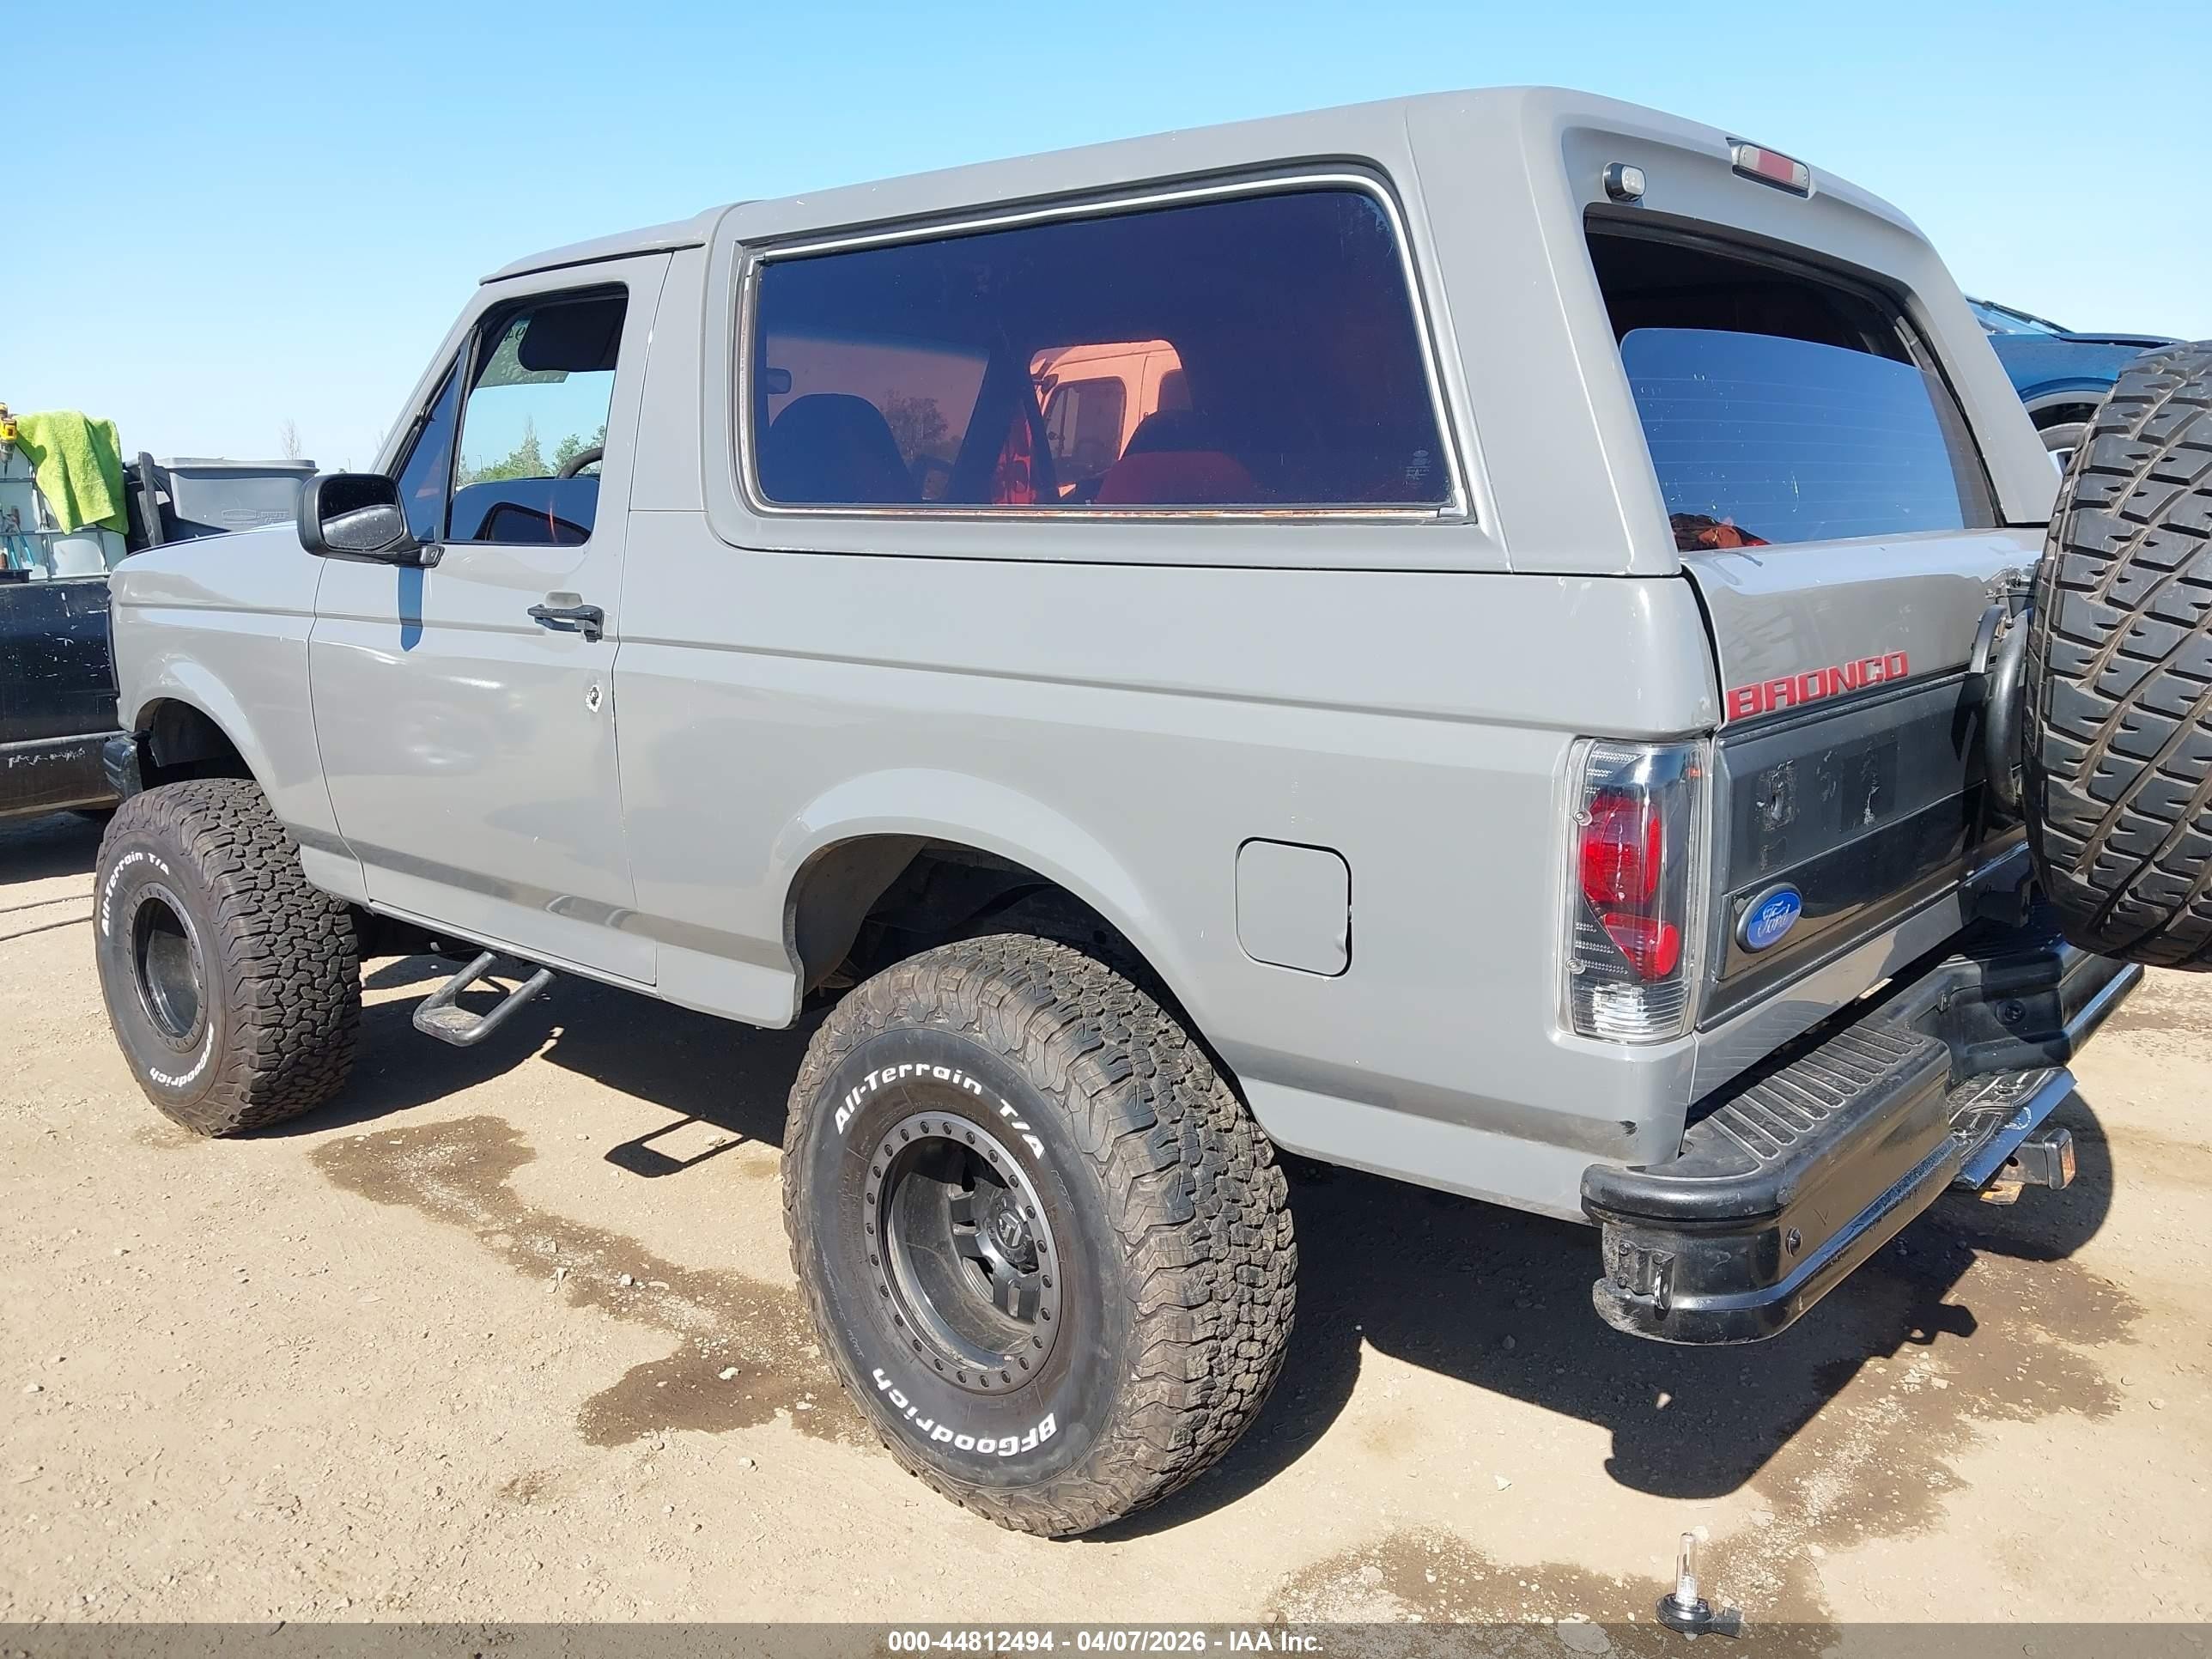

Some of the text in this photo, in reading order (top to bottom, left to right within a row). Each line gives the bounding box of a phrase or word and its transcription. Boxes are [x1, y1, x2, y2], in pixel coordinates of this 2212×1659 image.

[1726, 650, 1909, 723] BRONCO
[101, 851, 170, 937] All-Terrain T/A
[1757, 900, 1791, 938] Ford
[149, 1022, 214, 1088] BFGoodrich
[835, 1063, 1046, 1159] All-Terrain T/A
[872, 1368, 1058, 1457] BFGoodrich

Requirement — Output the records above exactly as written, but leave out the pictures.

The answer —
Some of the text in this photo, in reading order (top to bottom, left to right within a row). Each line gives the bounding box of a phrase or word and its transcription. Boxes are [x1, y1, x2, y2], in pixel coordinates of this 2212×1659 image.

[1726, 650, 1909, 723] BRONCO
[101, 851, 170, 937] All-Terrain T/A
[1757, 900, 1791, 938] Ford
[149, 1022, 214, 1088] BFGoodrich
[835, 1063, 1046, 1159] All-Terrain T/A
[872, 1368, 1058, 1457] BFGoodrich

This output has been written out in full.